FIG. 5 partially represents the contours of a map inside which the positions corresponding to various views of the film of the cassette according to FIG. 4 have been identified. The first view, 1, corresponds to the angle at the top at left of the map, its outline has been shown in solid lines as well as the limit of the transparent strip with the two grids contained in this transparent strip. The contours corresponding to the other lives 2, 3, K, K + 1, of the film were represented alternately in broken lines and in solid lines in order to be able to distinguish them from each other; the views form horizontal bands of K views with overlap of an eighth from one view to the next in the bands and with an overlap of three tenths from one period to the next. It is to highlight that. according to the cards to be written on the film of a cassette and according to their use it is advantageous to study whether the views should be arranged in successive rows or in successive columns in order to reduce the average time necessary for the passage from one view to another when the moving object moves outside the limits of the edge part contained in the view placed, at a given moment, in front of the screen
Figures 6 and 7 illustrate an alternative embodiment in which the card on its support, which in the example described is a slide D, is not pressed on the screen E of a computer P but is read by a system telecine type including siccessivemeni: a scanning circuit N, a first lens S1, the slide D, a second lens S2 and a reading circuit. The scanning circuit, controlled by the computer P, provides a luminous brush for scanning in rows and columns which, thanks to the optics S1, determines the scanning in frames of the entire useful surface of the slide D.

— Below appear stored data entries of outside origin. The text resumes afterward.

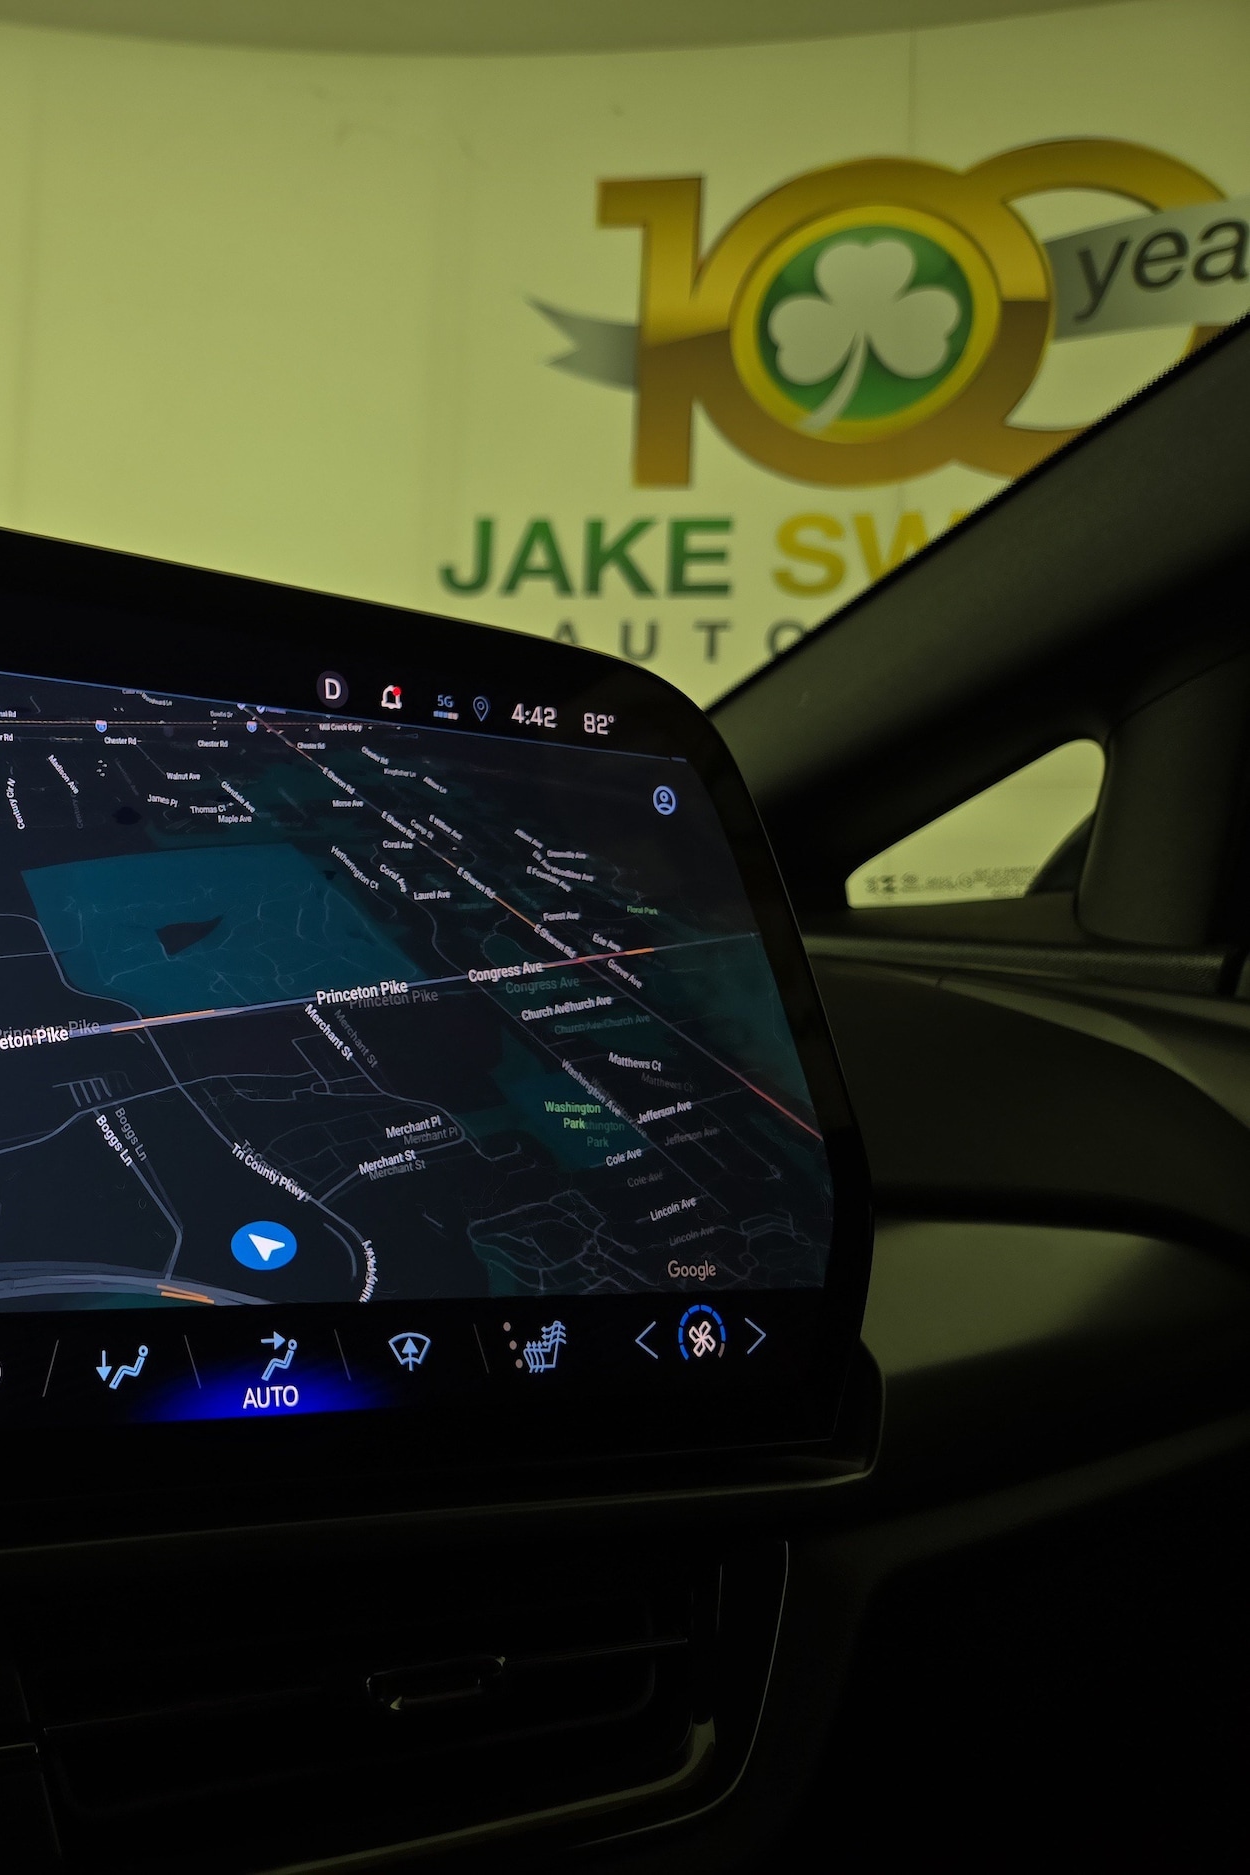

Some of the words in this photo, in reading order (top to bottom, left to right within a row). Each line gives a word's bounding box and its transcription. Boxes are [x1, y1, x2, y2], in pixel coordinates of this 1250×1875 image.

[439, 514, 734, 599] JAKE
[324, 677, 342, 700] D
[437, 694, 454, 708] 5G
[8, 710, 17, 718] Rd
[511, 703, 558, 728] 4:42
[4, 733, 14, 742] Rd
[104, 736, 127, 745] Chester
[128, 737, 137, 745] Rd
[197, 740, 219, 748] Chester
[220, 740, 228, 748] Rd
[7, 778, 16, 786] N
[48, 754, 70, 787] Madison
[67, 782, 79, 794] Ave
[166, 772, 188, 780] Walnut
[189, 772, 201, 780] Ave
[6, 786, 15, 798] Cir
[220, 780, 245, 805] Glendale
[243, 801, 256, 813] Ave
[9, 799, 25, 830] Century
[190, 806, 216, 814] Thomas
[218, 814, 238, 824] Maple
[239, 815, 252, 823] Ave
[386, 815, 408, 835] Sharon
[406, 829, 416, 840] Rd
[382, 840, 399, 849] Coral
[400, 840, 414, 849] Ave
[331, 846, 370, 887] Hetherington
[369, 879, 380, 890] Ct
[379, 864, 400, 882] Coral
[413, 891, 436, 900] Laurel
[437, 890, 451, 899] Ave
[461, 870, 486, 893] Sharon
[484, 886, 496, 899] Rd
[543, 912, 566, 922] Forest
[566, 911, 580, 920] Ave
[644, 906, 659, 916] Park
[539, 928, 566, 953] Sharon
[563, 945, 578, 959] Rd
[606, 940, 621, 952] Ave
[468, 964, 522, 983] Congress
[522, 961, 543, 974] Ave
[607, 958, 630, 980] Grove
[627, 974, 643, 990] Ave
[316, 984, 378, 1005] Princeton
[379, 979, 409, 997] Pike
[35, 1026, 69, 1046] Pike
[304, 1003, 343, 1050] Merchant
[340, 1045, 353, 1061] St
[608, 1052, 650, 1070] Matthews
[651, 1059, 662, 1072] Ct
[561, 1058, 606, 1104] Washington
[605, 1099, 622, 1118] Ave
[544, 1101, 601, 1116] Washington
[637, 1104, 676, 1125] Jefferson
[676, 1100, 692, 1112] Ave
[114, 1107, 139, 1148] Boggs
[134, 1144, 147, 1161] Ln
[385, 1118, 430, 1139] Merchant
[431, 1115, 442, 1128] Pl
[563, 1117, 586, 1130] Park
[95, 1115, 123, 1152] Boggs
[119, 1149, 133, 1167] Ln
[231, 1142, 244, 1160] Tri
[244, 1154, 280, 1185] County
[359, 1154, 404, 1175] Merchant
[405, 1150, 416, 1161] St
[606, 1152, 626, 1167] Cole
[626, 1147, 642, 1161] Ave
[650, 1201, 680, 1221] Lincoln
[681, 1196, 697, 1210] Ave
[667, 1259, 717, 1281] Google
[241, 1385, 300, 1410] AUTO
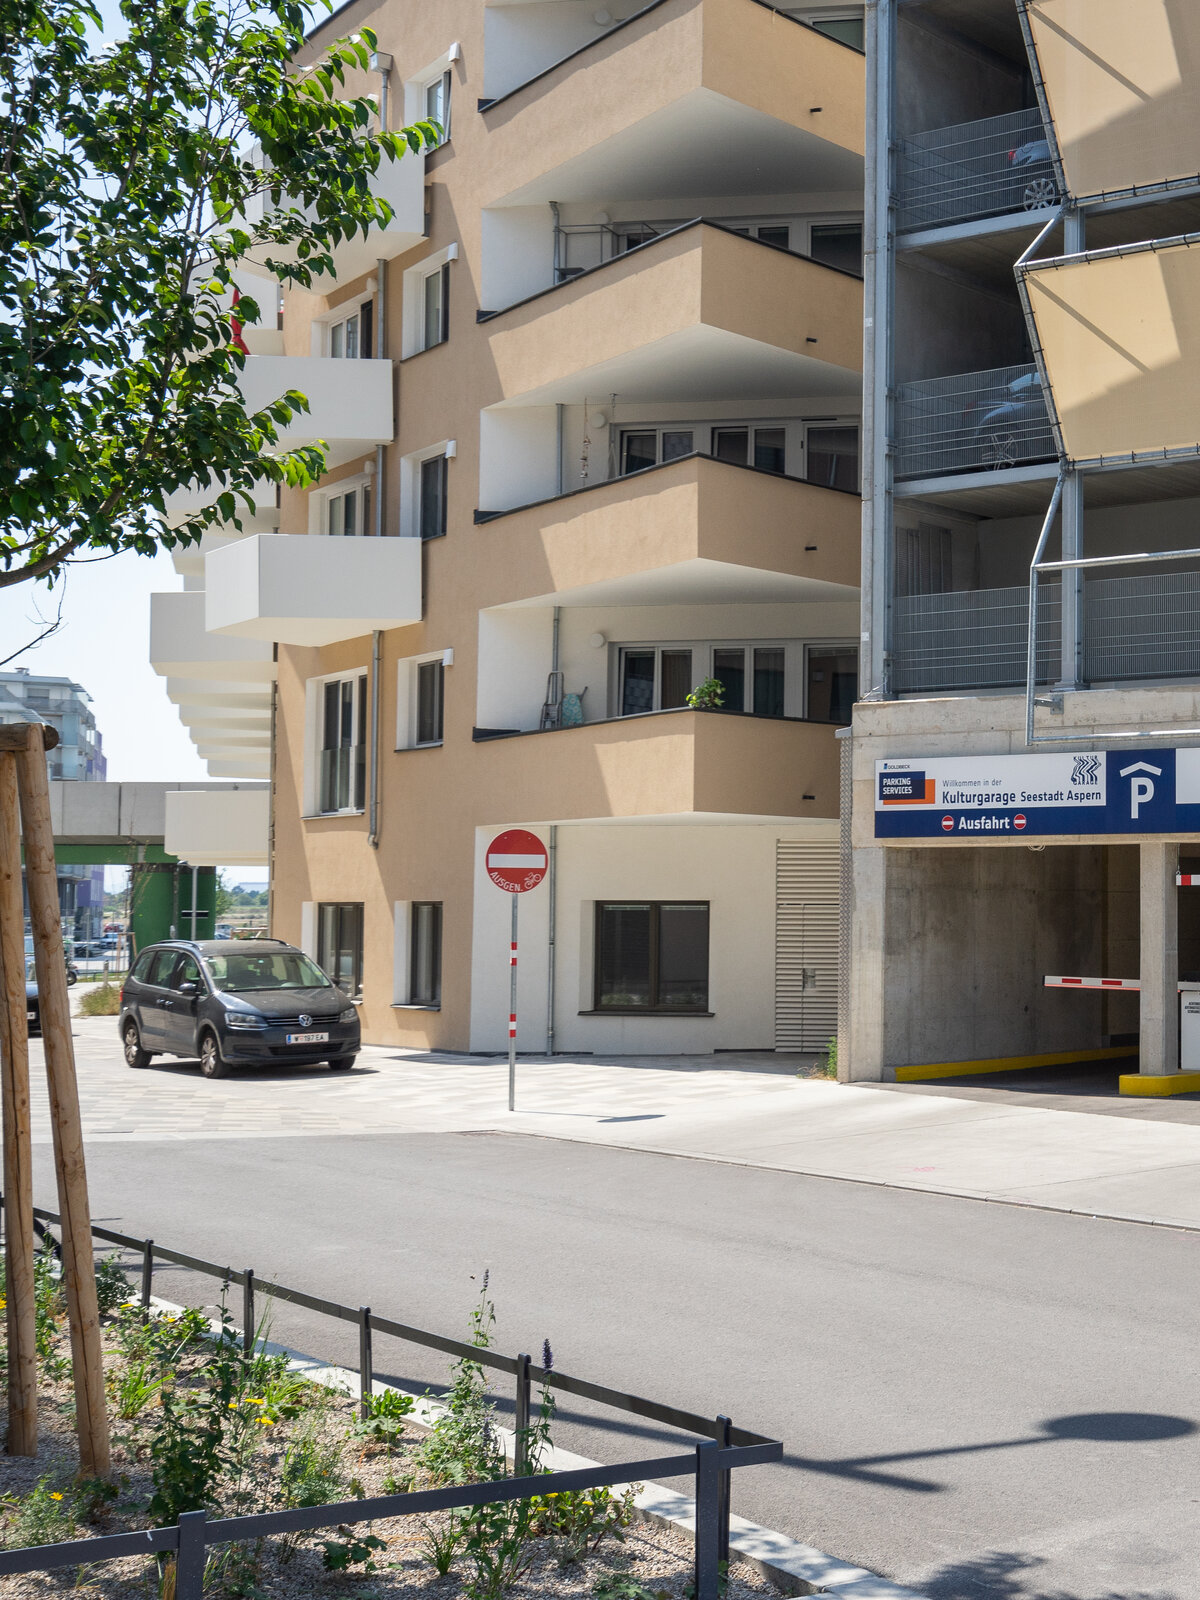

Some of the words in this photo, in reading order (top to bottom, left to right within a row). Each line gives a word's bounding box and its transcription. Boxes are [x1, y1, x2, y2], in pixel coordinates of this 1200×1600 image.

The brush after having crossed slide D is concentrated by the optics S2 on the input of the reading circuit which transforms it into electrical signals; these signals are transmitted to the computer P which can then display on its screen E the card read by the reading circuit L. The slide comprising two grids, as in the example illustrated in FIG. 3, the computer knows the position exactly where it displays on its screen E the various points of the part of the map represented on this slide; the computer can therefore superimpose on its screen E the position of a mobile whose read coordinates are provided.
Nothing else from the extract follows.